A Contes, la figure se complique encore un peu avec une triangulaire. Elle met en lice le PCF avec le binôme Valérie Tomasini et Francis Tujague, arrivé en tête avec 36,35% des voix, le FN de Yoan Saliba et Lydia Schenardi (33,39%) et l'UD de Michel Lottier et Henriette Royal-Calcagno (23,92 %). L'UD, qui avait la possibilité de se maintenir ou de se retirer, a décidé de rester en course au grand dam du FN qui évidemment espérait un duel avec le PC.

Deux autres points chauds où le FN pourrait espérer tirer son épingle du jeu face à la droite classique sont également à noter. A Cannes 1, Catherine Dorten et Ghislain Marsot (FN) sont largement arrivés en tête dimanche dernier (40,62%) face à l'Union de la Droite de Joëlle Rini et de Frank Chikli (34,51%). Le FN qui a fait carton plein au Cannet semble avoir bénéficié au premier tour du conflit UMP interne Tabarot-Lisnard, mais, son avance ne devrait pas suffire à contrer l'effet d'un "front républicain".

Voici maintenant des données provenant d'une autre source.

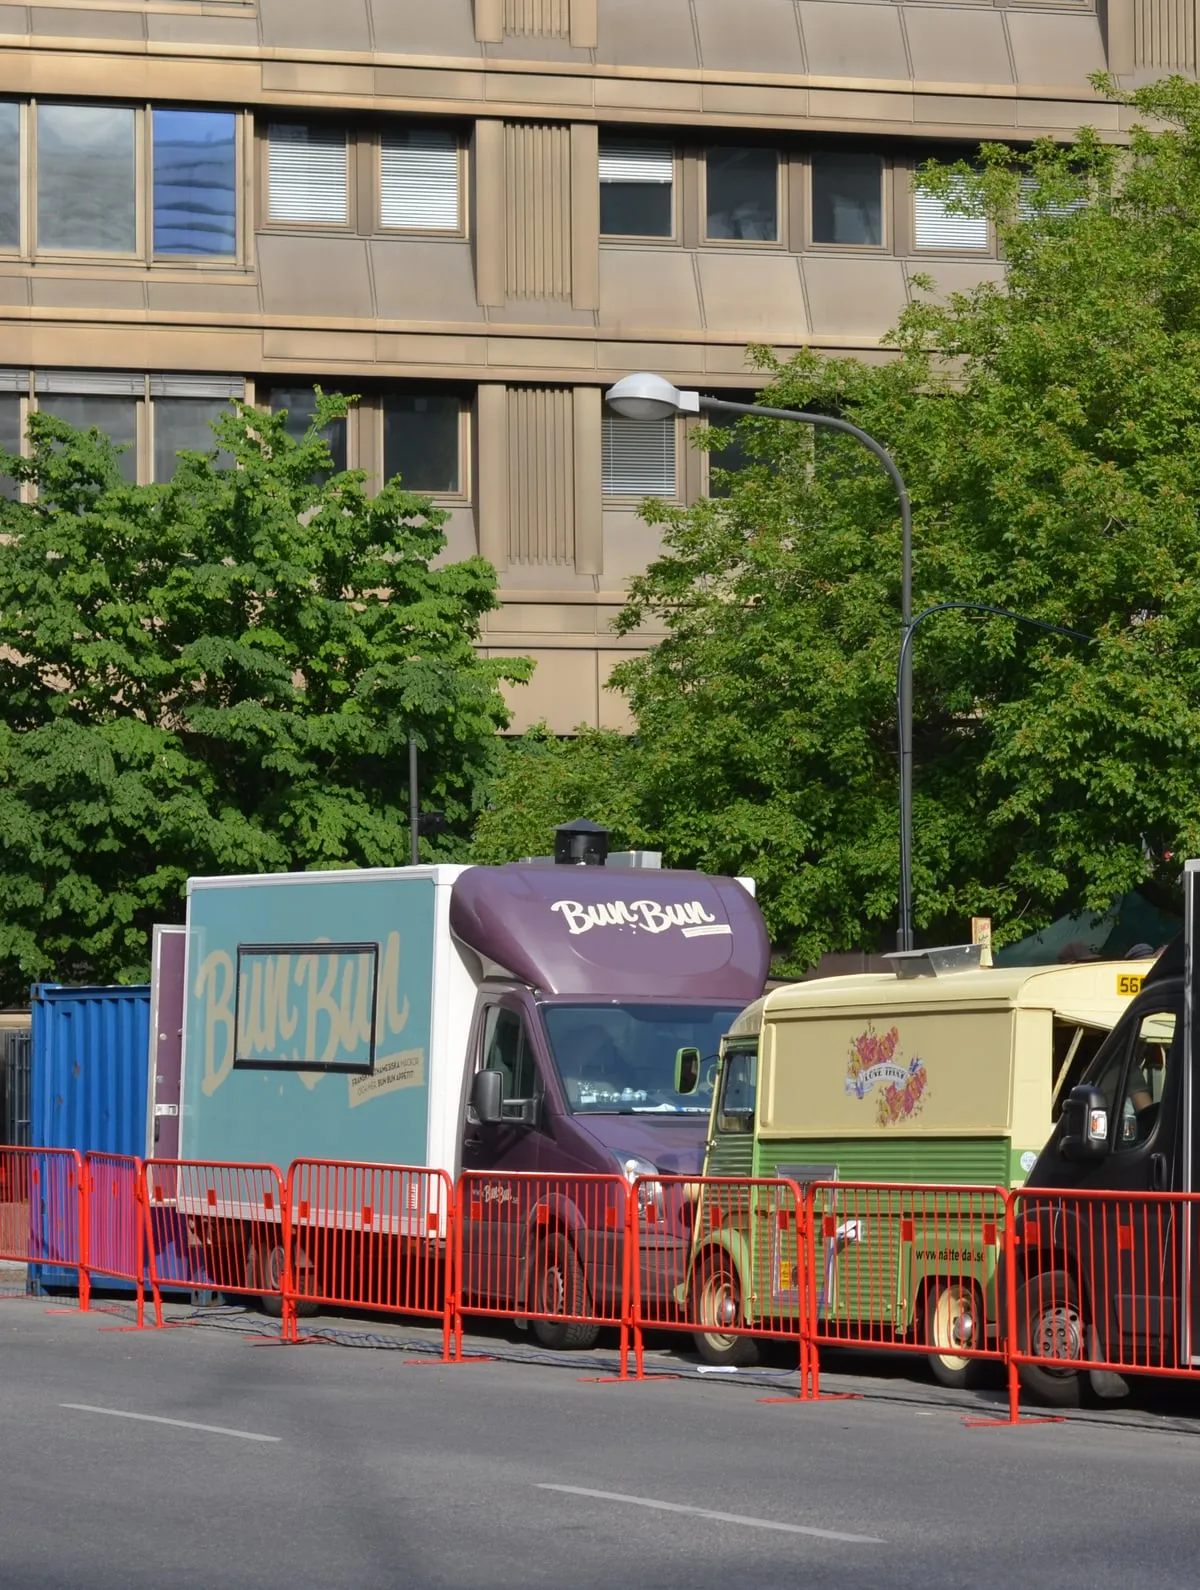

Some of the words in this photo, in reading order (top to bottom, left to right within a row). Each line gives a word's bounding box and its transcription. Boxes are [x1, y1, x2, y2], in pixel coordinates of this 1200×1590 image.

[550, 900, 639, 934] Bun
[630, 900, 715, 934] Bun
[1120, 977, 1147, 993] 56
[195, 949, 298, 1097] Bun
[294, 930, 410, 1090] Bun

A Cagnes-2, là également dans une situation politique locale mouvementée avec un maire de Saint-Laurent du Var, Joseph Segura, durement attaqué, la courte avance du binôme UMP de Joseph Segura et Vanessa Siegel (35,56 % contre 35,43 % au FN de Brigitte Merle des Isles et Lionel Prados) est loin d'assurer automatiquement sa victoire. Cela d'autant moins, qu'avec le climat politique délétère dans le microcosme laurentin, les autres candidats de droite, à l'inverse de la gauche, n'ont pas appelé à voter pour le candidat UMP. Ambiance.